# One Simple Request...



## Trip (Jun 11, 2002)

I REALLY want sig pictures on these forums! Why don't we have them? Do they take up too much drive space? If so then limit them to something like 40 x 200! Anything! Please?!


----------



## twyg (Jun 12, 2002)

They typcially distract from the posts. There are some pretty obnoxious things that can be placed in a 40x200 slot... 







Now this is being negative and I admit it, but there have been some avatars in the past that are pretty bad, this would be even worse. 

(P.S. imagine that animated)

Also, imagine that in every single reply you post... 

There's huge room for creativity, and huge room for distraction.

Of course, Admin still owns the board and has final say. We could put them in, but it's a matter of whether or not we want them.  

Sheesh... Decisions.

Here's my opinion. Keep the image calm, no animation, "quiet" colors, and 40x200, and keep your signature small, we may be able to get away with it. It seems like something that could very quickly spin out of hand...

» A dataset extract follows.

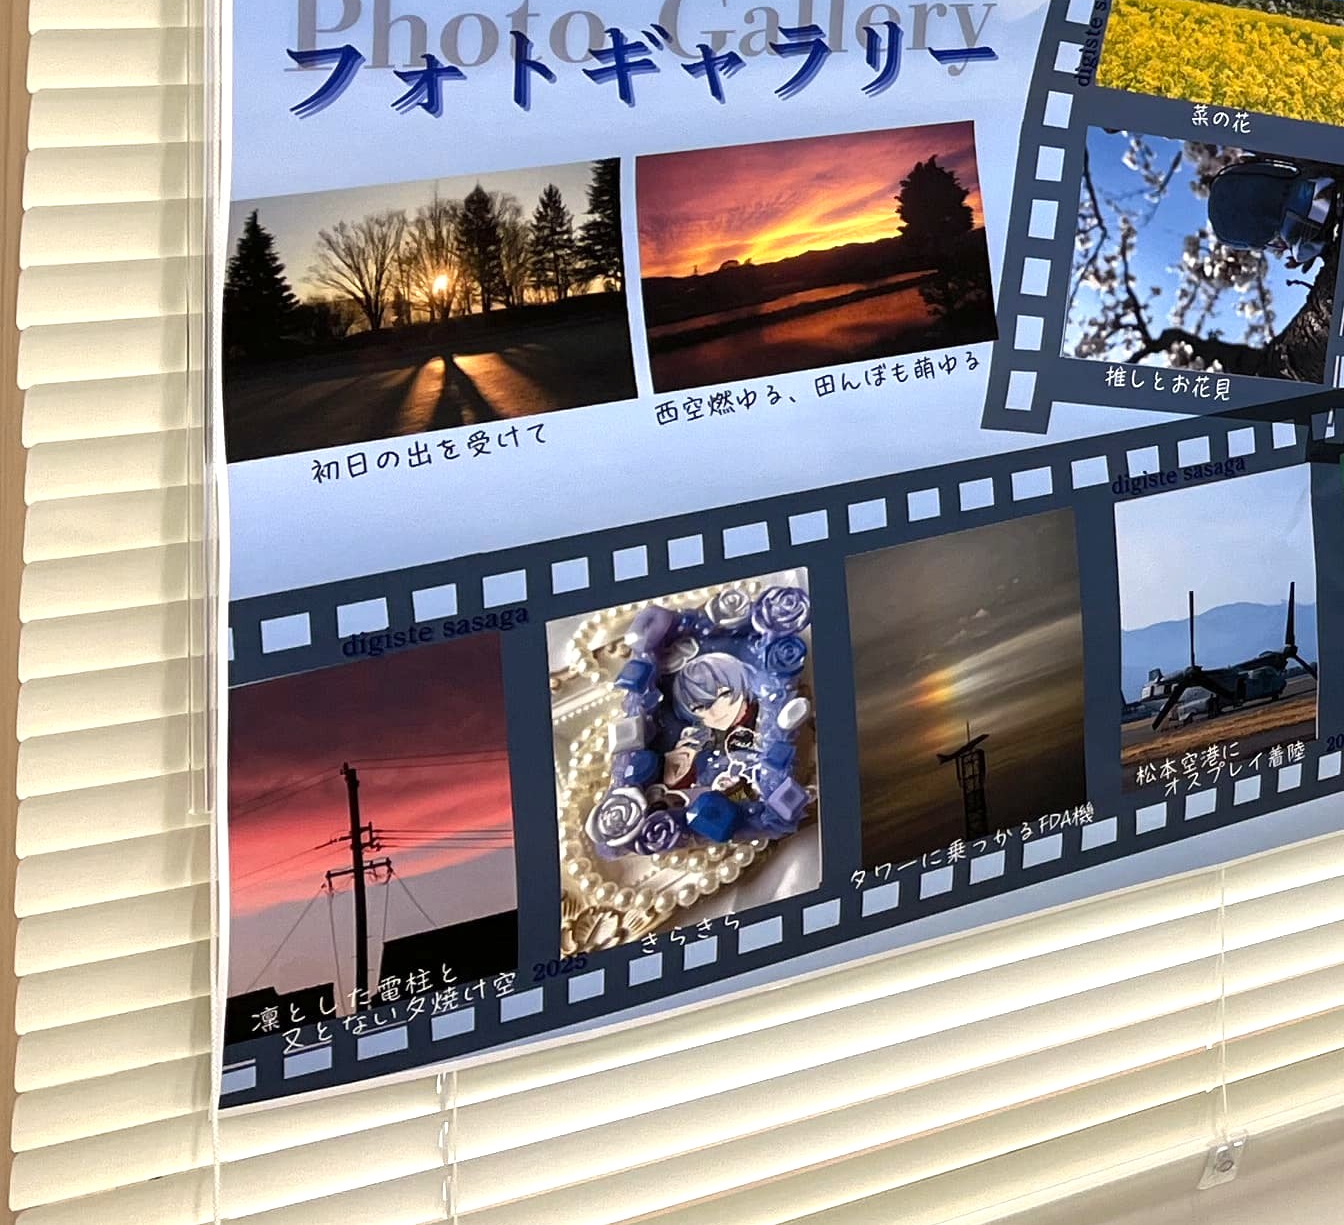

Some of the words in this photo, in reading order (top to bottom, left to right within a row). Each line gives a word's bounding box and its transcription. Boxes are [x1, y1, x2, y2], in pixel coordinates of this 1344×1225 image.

Admin and I need to talk about other stuff, so I'll include this in my message.


----------



## ksuther (Jun 12, 2002)

Ew no, pictures in signatures are just plain annoying. The text is fine, but pictures, no


----------



## Powermaster (Jun 16, 2002)

I agree, keep the pictures very simple and that would be cool. anything else no.


----------



## Trip (Jun 16, 2002)

I'd be more than happy to spend a couple hours designing sigs for those "art-deprived" users.

Awww...but sig pics are so...illuminating.


----------



## ScottW (Jun 17, 2002)

No picts in signatures. Everyone complains about the number of graphics now, imagine what it would be like then.


----------



## xaqintosh (Jun 17, 2002)

how about bigger avatars? maybe 80x80, like macfora, because there IS room, and people seem to like that (I would)


----------



## Trip (Jun 17, 2002)

Bah...somebody give me a call when everything is all settled and "community-like". Ok? In the mean time I'll be gowing through what AdmiralAK likes to call a  "down time".


----------



## ScottW (Jun 17, 2002)

> _Originally posted by xaqintosh _
> *how about bigger avatars? maybe 80x80, like macfora, because there IS room, and people seem to like that (I would) *



50x50 is just fine.


----------



## Powermaster (Jun 17, 2002)

Admin is funny :')    Thanks by the way for the great forum.


----------



## xoot (Jun 18, 2002)

> _Originally posted by Admin _
> *
> 
> 50x50 is just fine.  *



Yeah... bigger avatars get annoying.

And thanks for posting more Admin. I like that you are a bigger part of this community (in terms of posting).


----------



## wdw_ (Jun 18, 2002)

I don't want pic in the sigs, but I do want the IMG code turned back on in the bar & Grill.


----------



## xaqintosh (Jun 18, 2002)

how about black/grey gradient smilies? that would be cool! <---yellow


----------